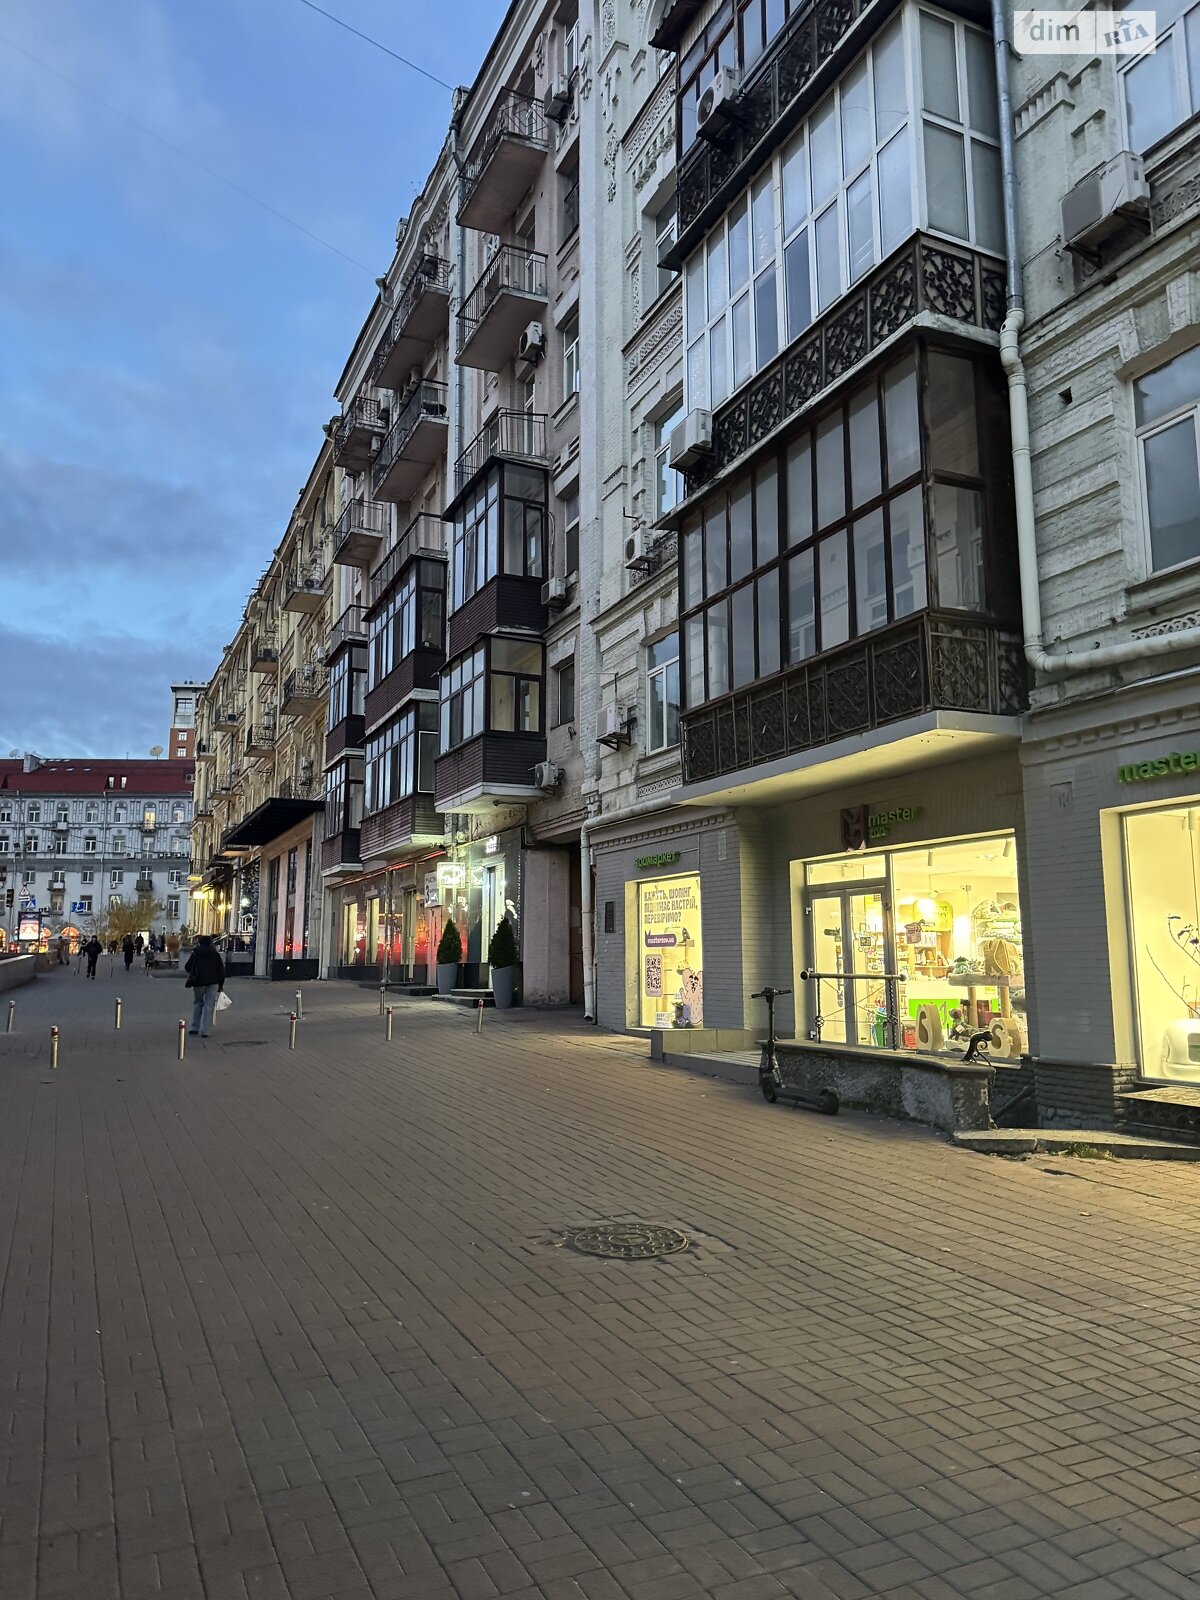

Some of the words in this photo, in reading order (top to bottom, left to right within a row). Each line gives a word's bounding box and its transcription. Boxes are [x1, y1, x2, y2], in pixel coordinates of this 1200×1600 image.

[868, 807, 918, 827] master
[634, 851, 677, 868] зоомаркет
[668, 886, 692, 899] ШОПІНГ
[671, 896, 698, 911] НАСТРІЙ,
[644, 912, 682, 924] ПЕРЕВІРИМО?
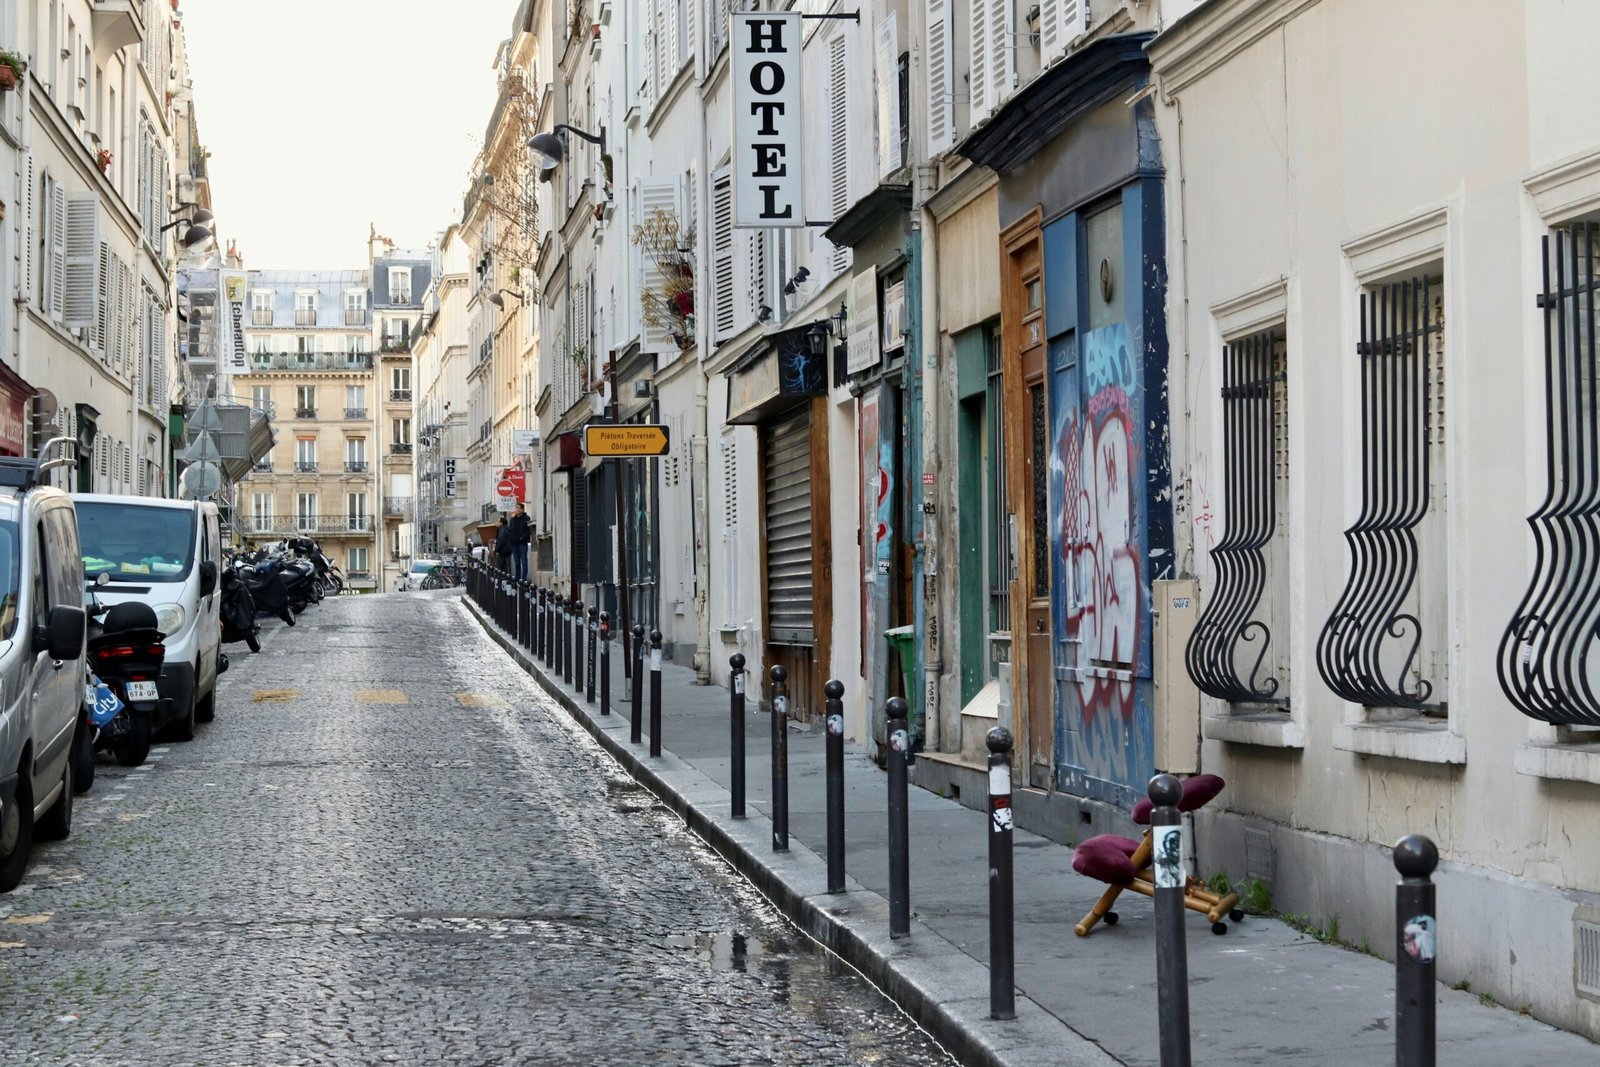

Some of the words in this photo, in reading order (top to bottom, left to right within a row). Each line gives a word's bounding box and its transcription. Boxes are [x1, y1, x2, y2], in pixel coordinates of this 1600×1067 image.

[745, 19, 792, 219] HOTEL
[230, 301, 245, 367] Echafautop
[611, 443, 646, 451] Obligatoire
[627, 431, 656, 439] Traversée
[446, 459, 455, 496] HOTEL
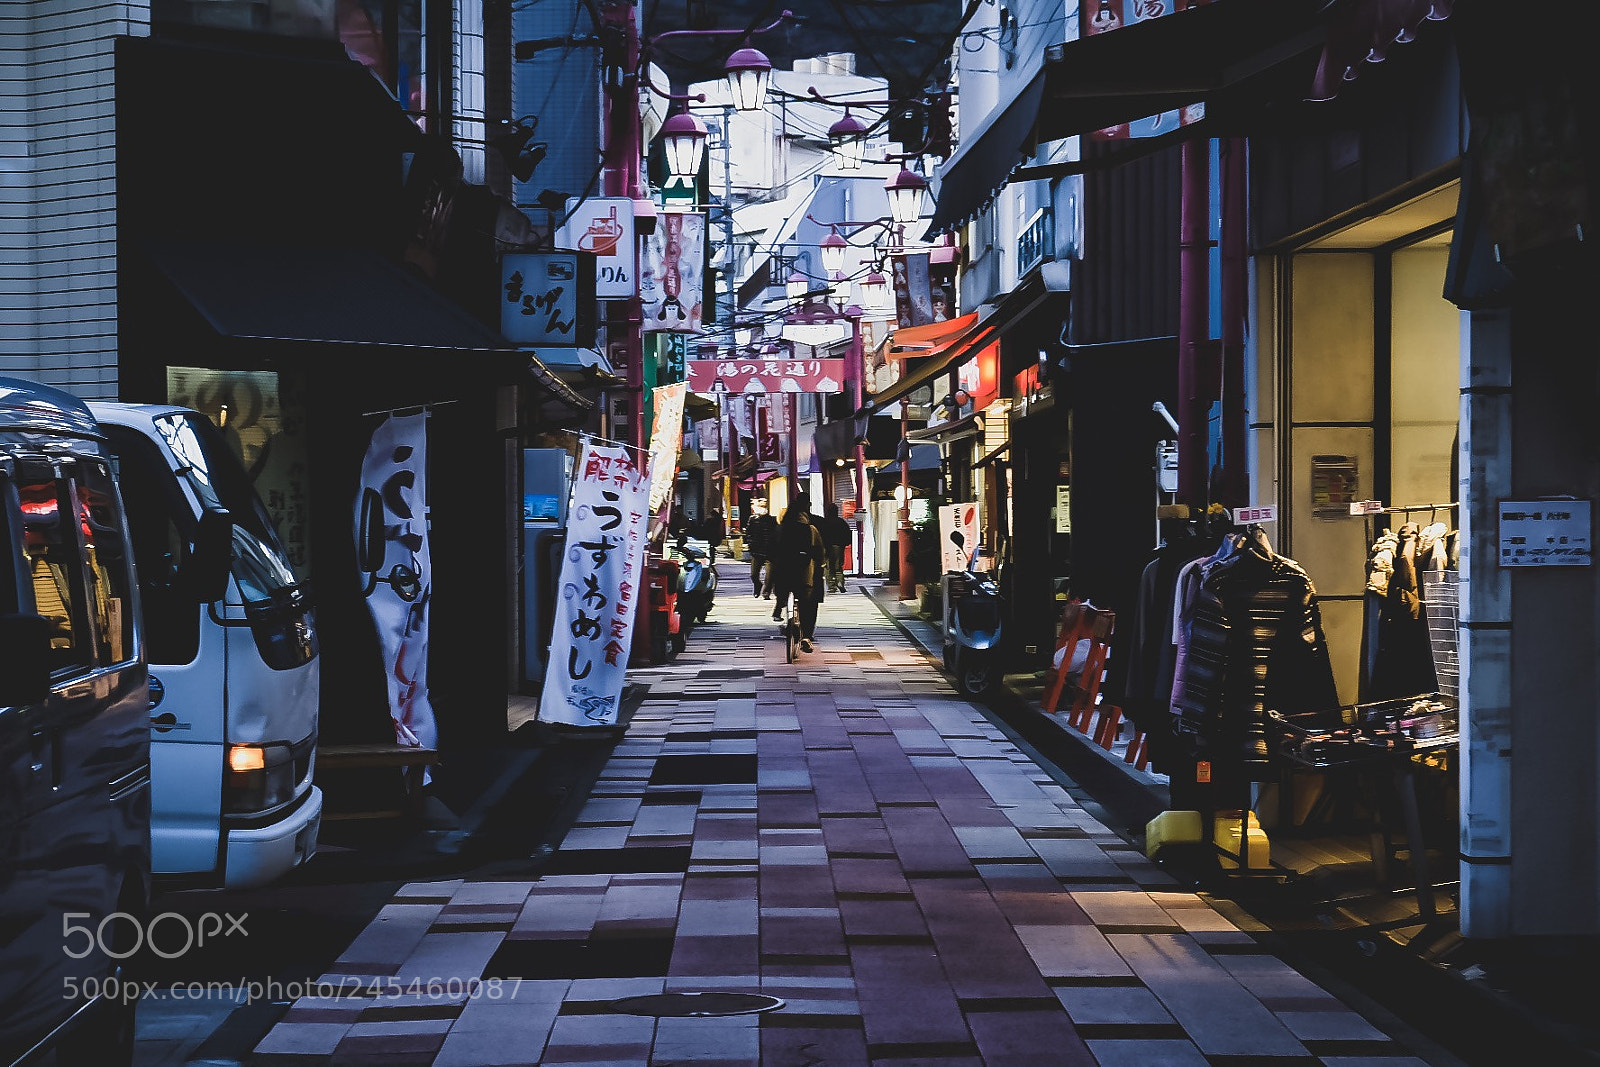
★ ★ ★ ★ ★
(Work instruction):
All of the records should be output exactly as they stand, with pictures omitted.

(Result below):
Some of the words in this photo, in reading order (top to bottom, left to right within a row). Each line gives a word's bounding box and its transcription. Boxes are [x1, y1, x2, y2], in pixel coordinates of this 1200×1600 image.

[868, 807, 918, 827] master
[634, 851, 677, 868] зоомаркет
[668, 886, 692, 899] ШОПІНГ
[671, 896, 698, 911] НАСТРІЙ,
[644, 912, 682, 924] ПЕРЕВІРИМО?

Some of the words in this photo, in reading order (top to bottom, left to right within a row). Each line gives a word's bounding box and its transcription. Boxes are [x1, y1, x2, y2], in pixel coordinates of this 1600×1067 image.

[745, 19, 792, 219] HOTEL
[230, 301, 245, 367] Echafautop
[611, 443, 646, 451] Obligatoire
[627, 431, 656, 439] Traversée
[446, 459, 455, 496] HOTEL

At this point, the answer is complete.